>>>
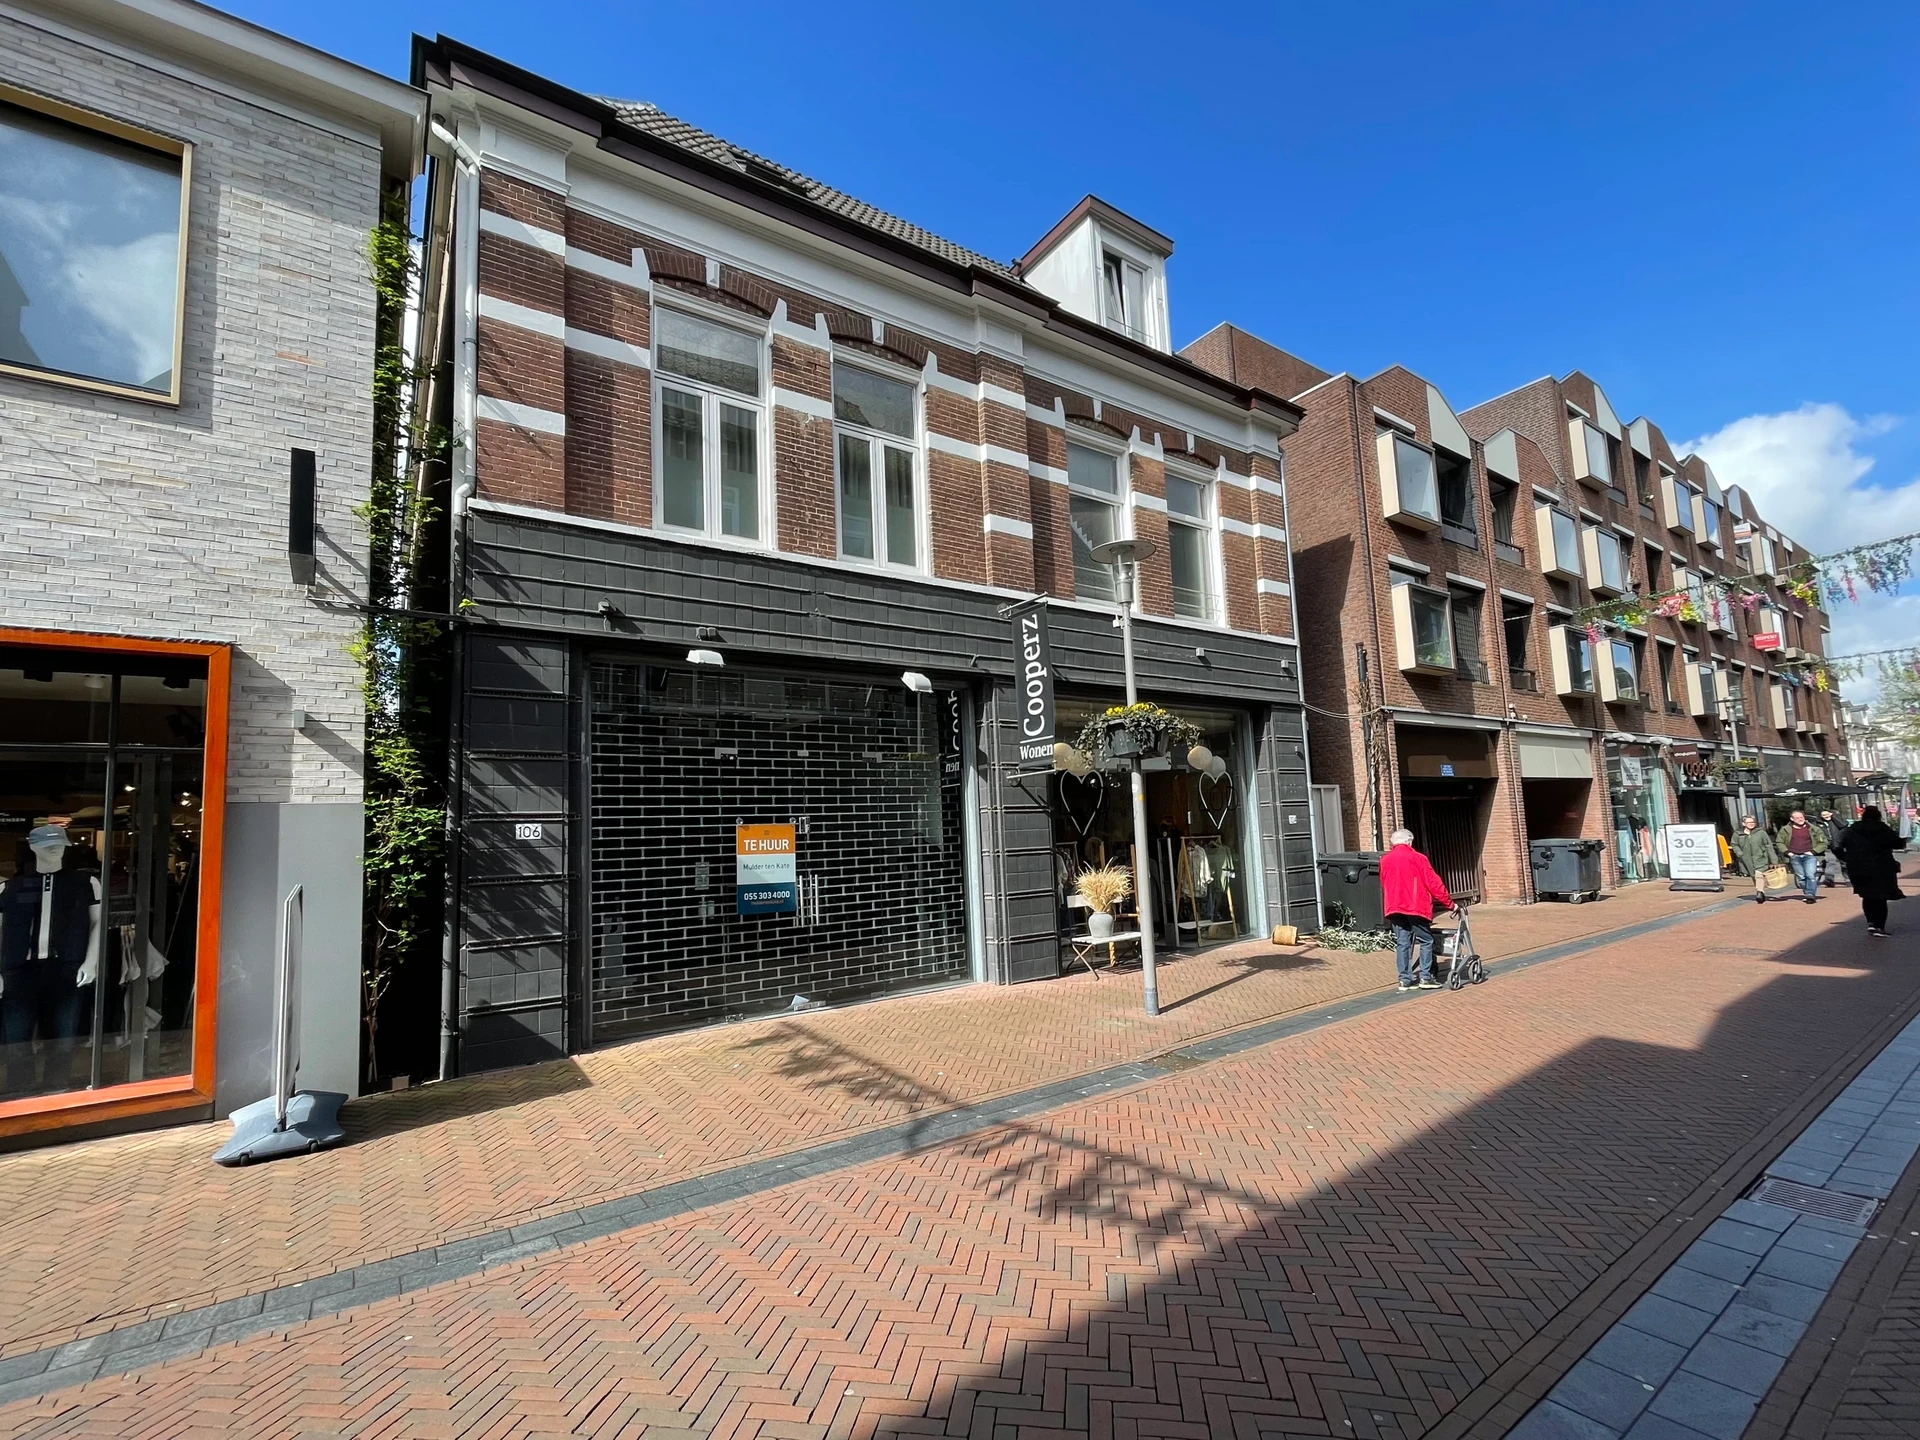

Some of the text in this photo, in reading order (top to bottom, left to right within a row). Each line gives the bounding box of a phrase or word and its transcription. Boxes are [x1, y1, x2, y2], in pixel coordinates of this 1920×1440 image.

[1021, 613, 1048, 737] Cooperz
[1019, 743, 1054, 760] Wonen
[518, 826, 540, 838] 106
[743, 839, 790, 851] TE HUUR
[1673, 838, 1695, 849] 30
[743, 863, 764, 871] Mulder
[743, 890, 790, 901] 055 303 4000
<<<
**How to complete this task**
Output all of the records exactly as they appear above, but not the pictures.

**Result of the exercise**
Some of the text in this photo, in reading order (top to bottom, left to right within a row). Each line gives the bounding box of a phrase or word and its transcription. Boxes are [x1, y1, x2, y2], in pixel coordinates of this 1920×1440 image.

[1021, 613, 1048, 737] Cooperz
[1019, 743, 1054, 760] Wonen
[518, 826, 540, 838] 106
[743, 839, 790, 851] TE HUUR
[1673, 838, 1695, 849] 30
[743, 863, 764, 871] Mulder
[743, 890, 790, 901] 055 303 4000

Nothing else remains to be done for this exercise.